À ce moment, ce fut l'excès de la pauvreté qui me détermina à ouvrir une école : "je n'avais pas la force de labourer la terre et je rougissais de mendier." Ayant donc recours à l'art que je connaissais, pour remplacer le travail des mains, je dus faire office de ma langue. De leur côté, mes disciples pourvoyaient d'eux mêmes à tout ce qui m'était nécessaire : nourriture, vêtements, culture des champs, constructions, si bien qu'aucun soin domestique ne me distrayait de l'étude. Mais, comme notre oratoire ne pouvait contenir qu'un petit nombre d'entre eux, ils se trouvèrent dans la nécessité de l'agrandir, et ils le rebâtirent d'une manière plus solide, en pierres et en bois.

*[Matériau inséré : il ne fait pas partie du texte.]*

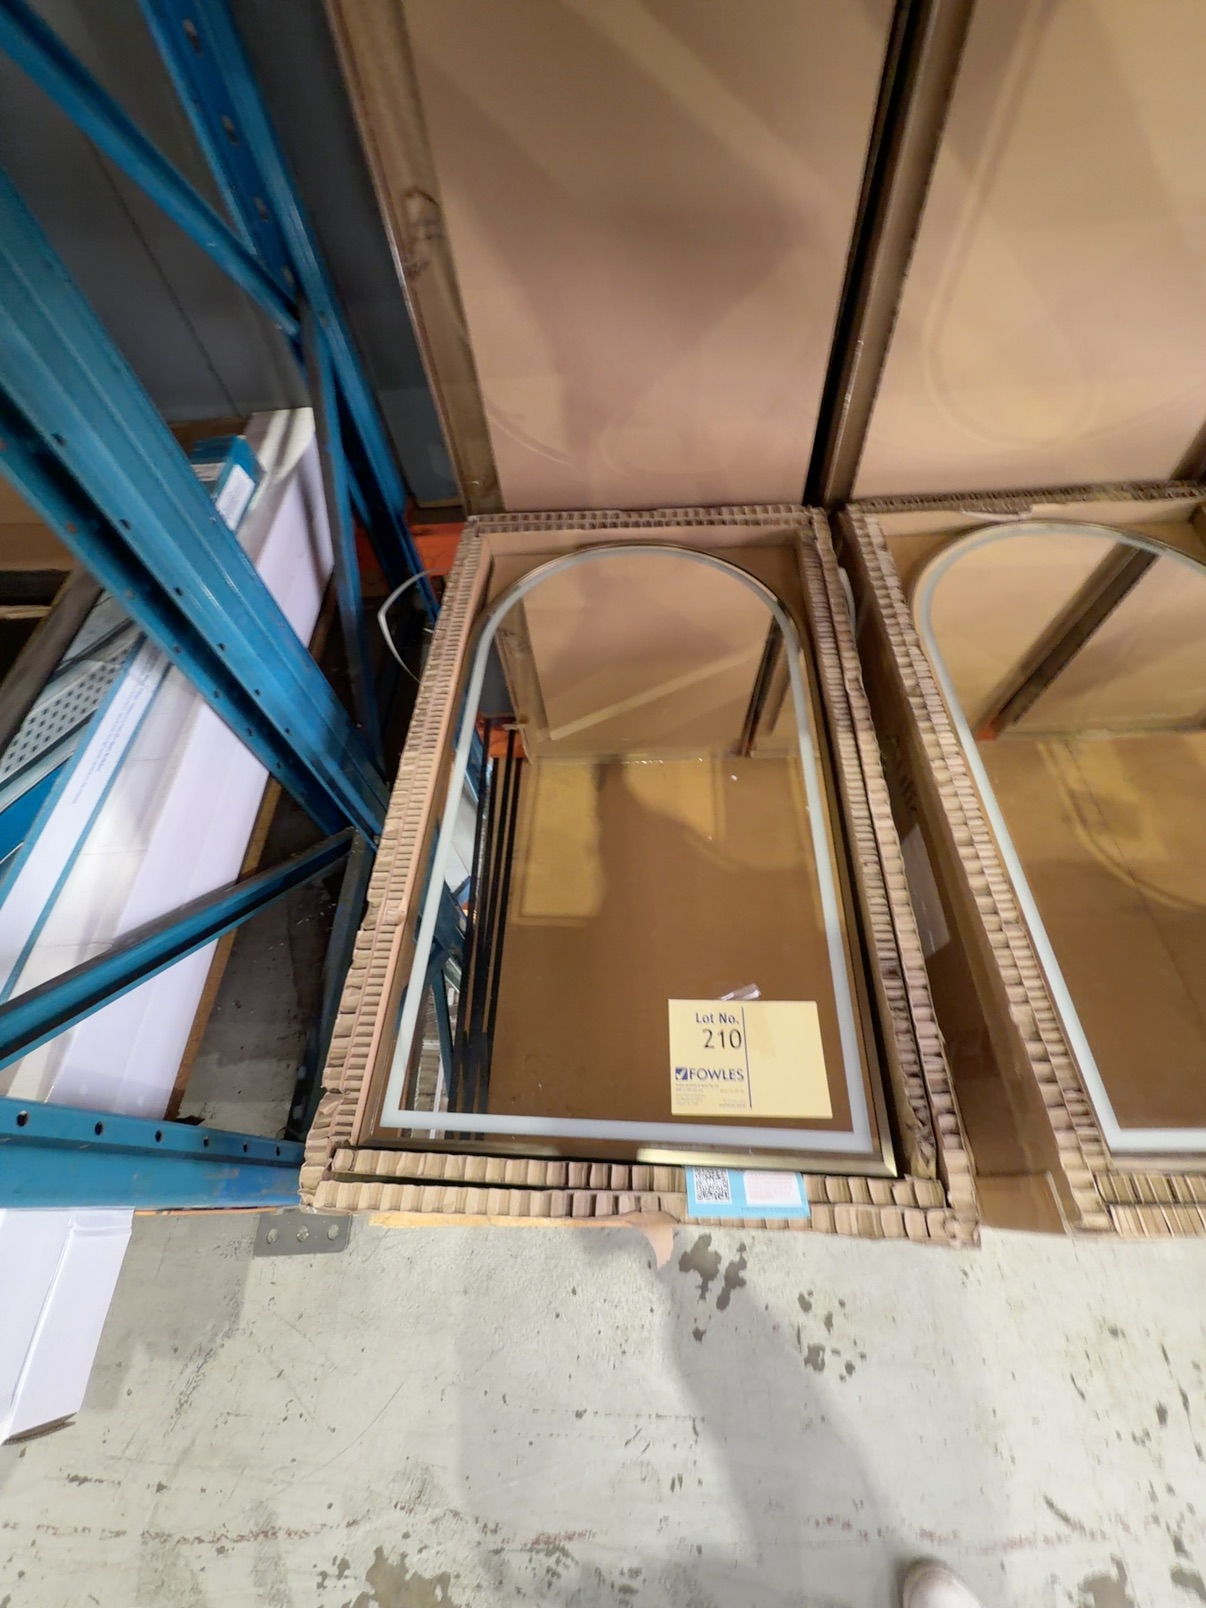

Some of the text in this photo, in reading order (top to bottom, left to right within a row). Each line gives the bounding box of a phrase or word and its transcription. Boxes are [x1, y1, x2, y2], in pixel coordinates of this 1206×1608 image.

[695, 1011, 740, 1025] Lot No.
[702, 1028, 742, 1050] 210
[689, 1067, 745, 1081] FOWLES

Fondé d'abord au nom de la Sainte Trinité, placé ensuite sous son invocation, il fut appelé Paraclet en mémoire de ce que j'y étais venu en fugitif, et qu'au milieu de mon désespoir j'y avais trouvé quelque repos dans les consolations de la grâce divine. Cette dénomination fut accueillie par plusieurs avec un grand étonnement, et quelques uns l'attaquèrent avec violence, sous prétexte qu'il n'était pas permis de consacrer spécialement une église au Saint Esprit, pas plus qu'à Dieu le Père, mais qu'il fallait, suivant l'usage ancien, la dédier soit au Fils seul, soit à la Trinité. Leur erreur, dans cette attaque, provenait de ce qu'ils ne voyaient pas la distinction qui existe entre l'Esprit Paraclet et le Paraclet. En effet, la Trinité elle même et toutes les personnes de la Trinité, de même qu'elle est appelée Dieu et Protecteur, peut être parfaitement invoquée sous le nom de Paraclet, c'est à dire consolateur, selon la parole de l'apôtre : "Béni soit Dieu et le Père de Notre Seigneur Jésus Christ, le père des miséricordes, le Dieu de toutes les consolations, qui nous console de toutes les tribulations" ; et aussi selon ce que dit la Vérité : " Il vous donnera un autre consolateur." Qui est ce qui empêche, en effet, puisque toute église est également consacrée au nom du Père, du Fils et du Saint Esprit, et qu'elle est la possession indivise des trois, qui est ce qui empêche de dédier la maison du Seigneur au Père ou au Saint Esprit, aussi bien qu'au Fils ? Qui oserait effacer du front du vestibule le nom de celui à qui appartient la demeure ? Ou bien encore, puisque le Fils s'est offert en sacrifice au Père, et qu'en conséquence, dans la célébration des messes, c'est spécialement au Père que s'adressent les prières et pour lui que se fait l'immolation de l'hostie, pourquoi l'autel n'appartiendrait il pas plus particulièrement à celui auquel se rapportent plus particulièrement la supplication et le sacrifice ? N'est il pas plus juste de dire que l'autel appartient à celui auquel on immole, qu'à celui qui est immolé ? Quelqu'un oserait il dire que c'est plutôt l'autel de la croix de Jésus, ou de son sépulcre, ou du bienheureux Michel, Jean ou Pierre, ou de quelque autre saint, qui ne sont ni les victimes, ni les objets des sacrifices et des prières ? Chez les idolâtres eux mêmes, les autels et les temples n'étaient placés que sous l'invocation de ceux qui étaient l'objet des sacrifices et des hommages.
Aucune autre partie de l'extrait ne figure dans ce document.